# [What to produce]
Retype every record exactly. Leave the pictures out.

── Input data ──

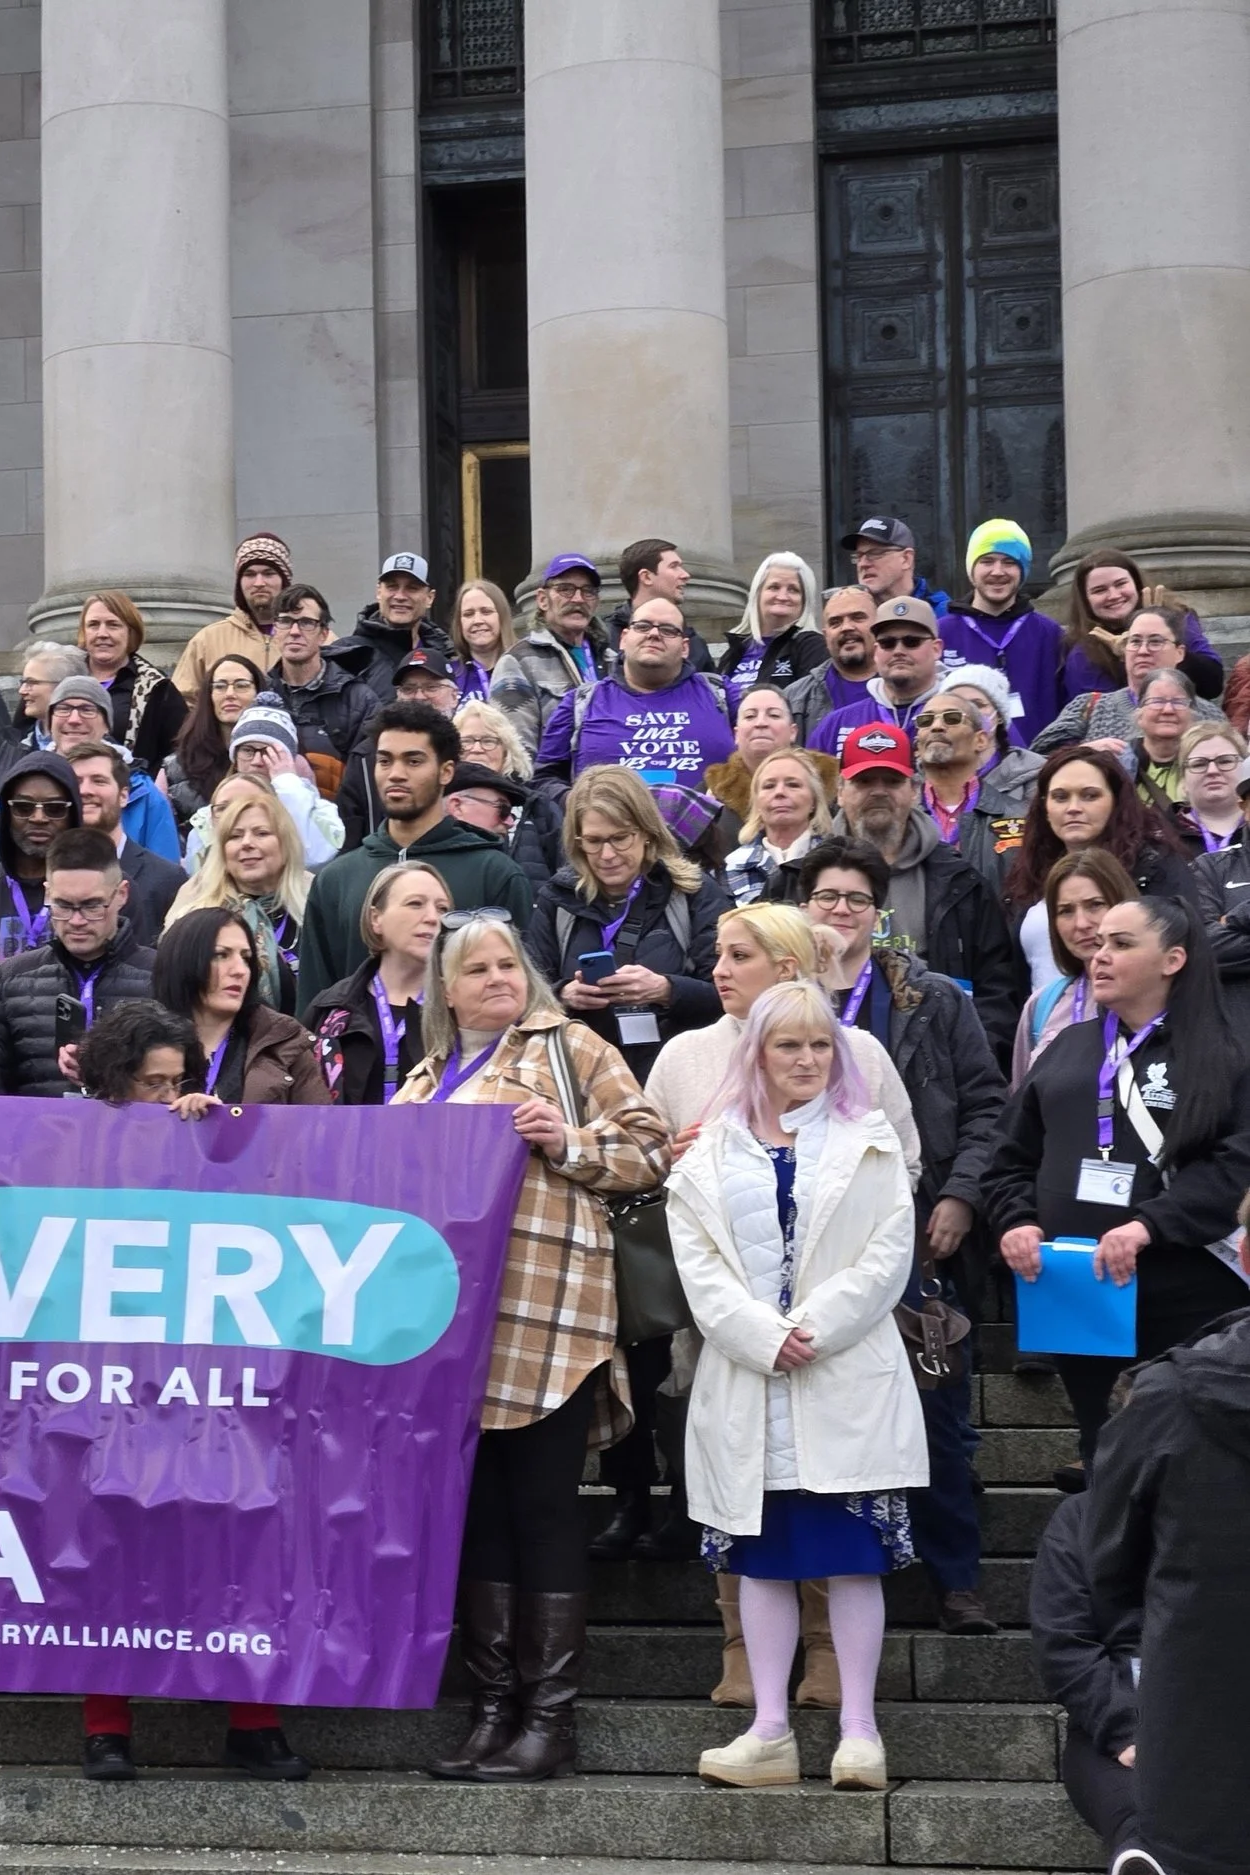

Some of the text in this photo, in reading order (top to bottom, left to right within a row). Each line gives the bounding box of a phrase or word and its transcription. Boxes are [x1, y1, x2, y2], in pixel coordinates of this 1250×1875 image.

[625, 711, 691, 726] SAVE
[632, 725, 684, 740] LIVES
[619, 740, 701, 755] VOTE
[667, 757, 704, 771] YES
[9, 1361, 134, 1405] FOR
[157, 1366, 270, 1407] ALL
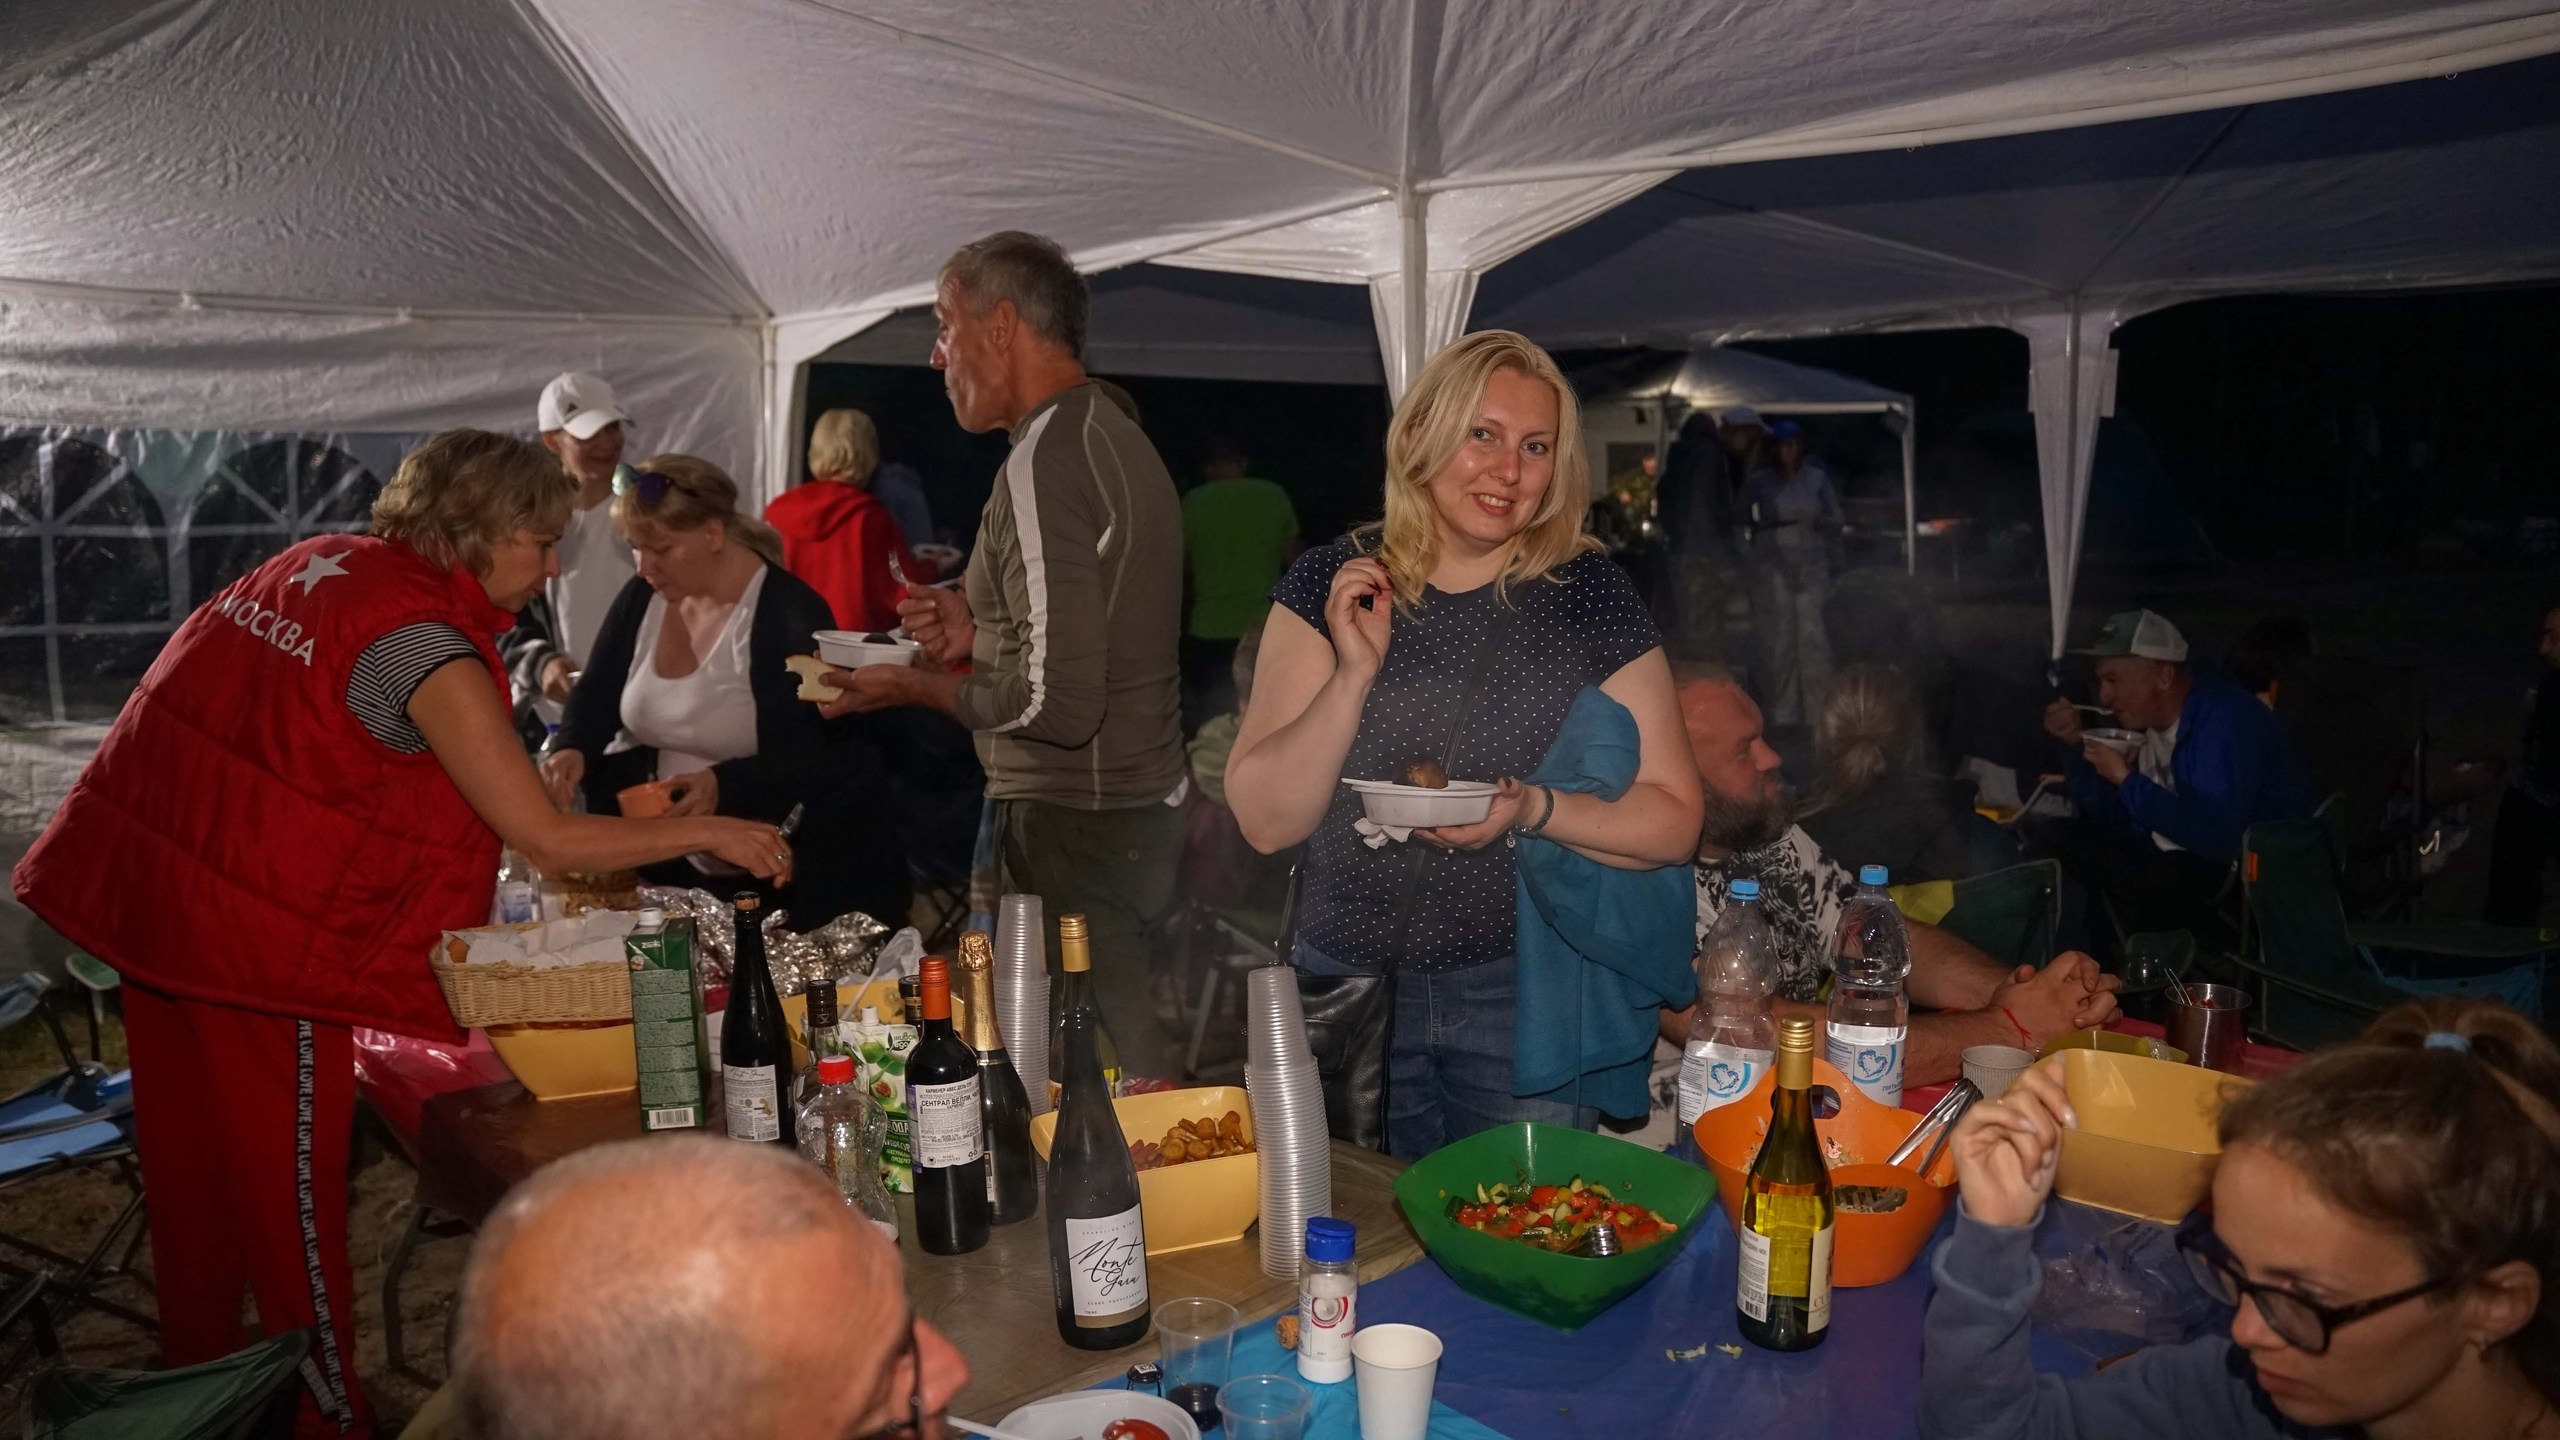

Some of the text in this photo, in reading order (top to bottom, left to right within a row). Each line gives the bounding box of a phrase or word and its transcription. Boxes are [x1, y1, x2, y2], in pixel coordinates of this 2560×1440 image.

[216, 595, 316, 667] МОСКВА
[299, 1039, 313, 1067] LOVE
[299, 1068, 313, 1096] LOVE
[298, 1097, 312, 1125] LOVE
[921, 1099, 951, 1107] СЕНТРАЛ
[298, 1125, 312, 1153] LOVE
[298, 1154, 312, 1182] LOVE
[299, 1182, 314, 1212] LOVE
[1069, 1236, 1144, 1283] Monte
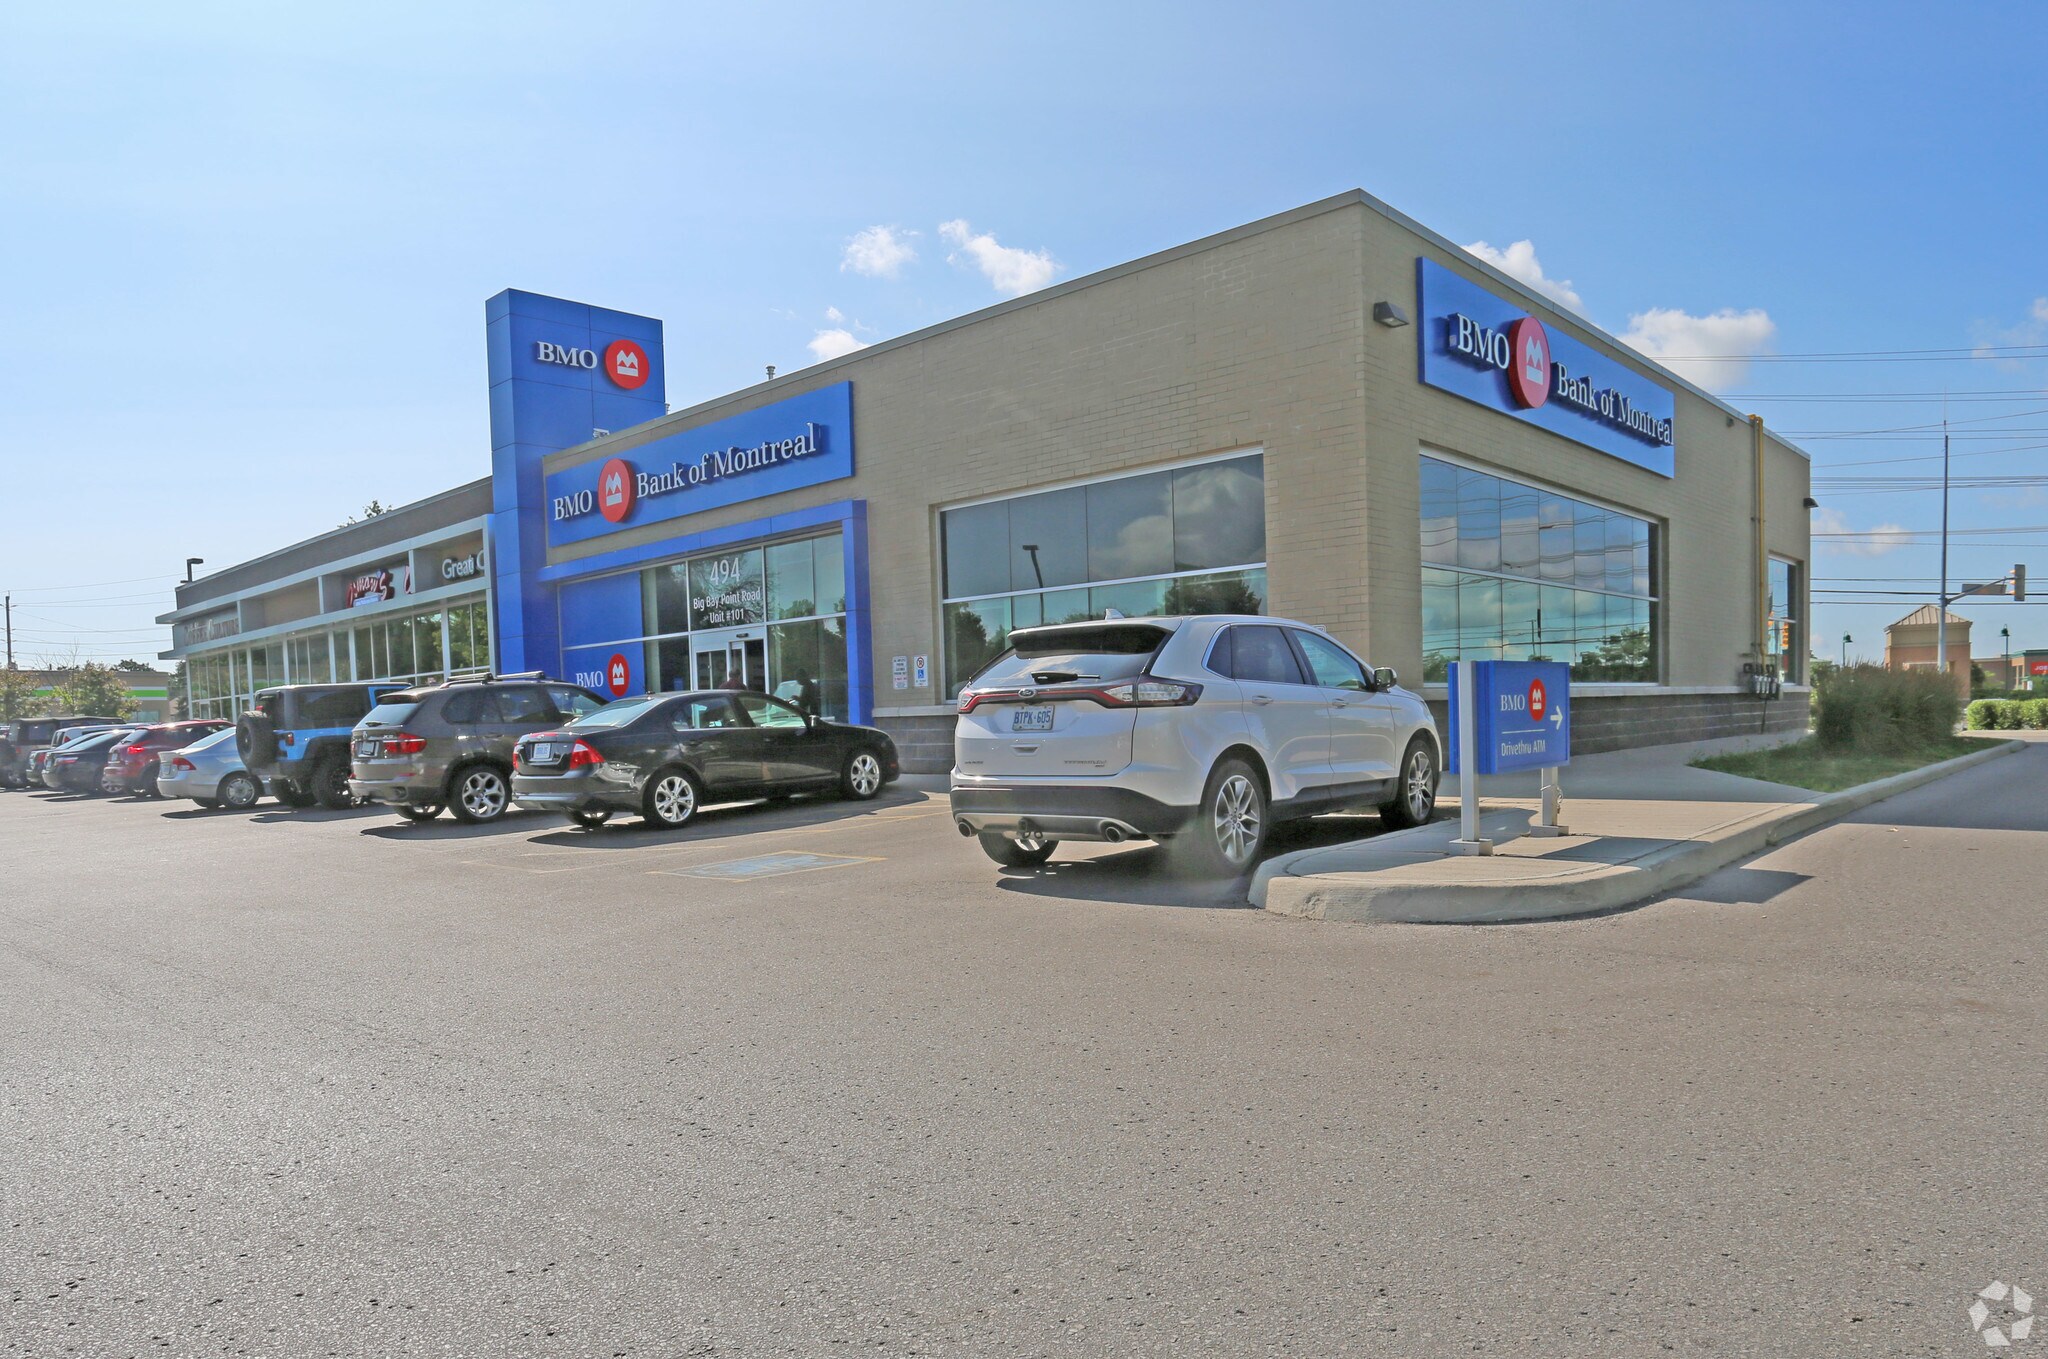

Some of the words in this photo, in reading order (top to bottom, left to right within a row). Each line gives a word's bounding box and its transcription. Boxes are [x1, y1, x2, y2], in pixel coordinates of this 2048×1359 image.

───

# [Solved problem]
Some of the text in this photo, in reading order (top to bottom, left to right within a row). Each line gives the bounding box of a phrase or word and its transcription. Boxes are [x1, y1, x2, y2], in pixel coordinates of this 1250×1875 image.

[625, 711, 691, 726] SAVE
[632, 725, 684, 740] LIVES
[619, 740, 701, 755] VOTE
[667, 757, 704, 771] YES
[9, 1361, 134, 1405] FOR
[157, 1366, 270, 1407] ALL

Some of the text in this photo, in reading order (top to bottom, left to right within a row). Each line gives the bounding box of a phrase or word and its transcription. Boxes are [x1, y1, x2, y2], in pixel coordinates of this 2560×1440 image.

[216, 595, 316, 667] МОСКВА
[299, 1039, 313, 1067] LOVE
[299, 1068, 313, 1096] LOVE
[298, 1097, 312, 1125] LOVE
[921, 1099, 951, 1107] СЕНТРАЛ
[298, 1125, 312, 1153] LOVE
[298, 1154, 312, 1182] LOVE
[299, 1182, 314, 1212] LOVE
[1069, 1236, 1144, 1283] Monte

Some of the words in this photo, in reading order (top to bottom, left to right within a row). Each line gives a word's bounding box and its transcription. Boxes are [x1, y1, x2, y2], in pixel coordinates of this 2048×1359 image.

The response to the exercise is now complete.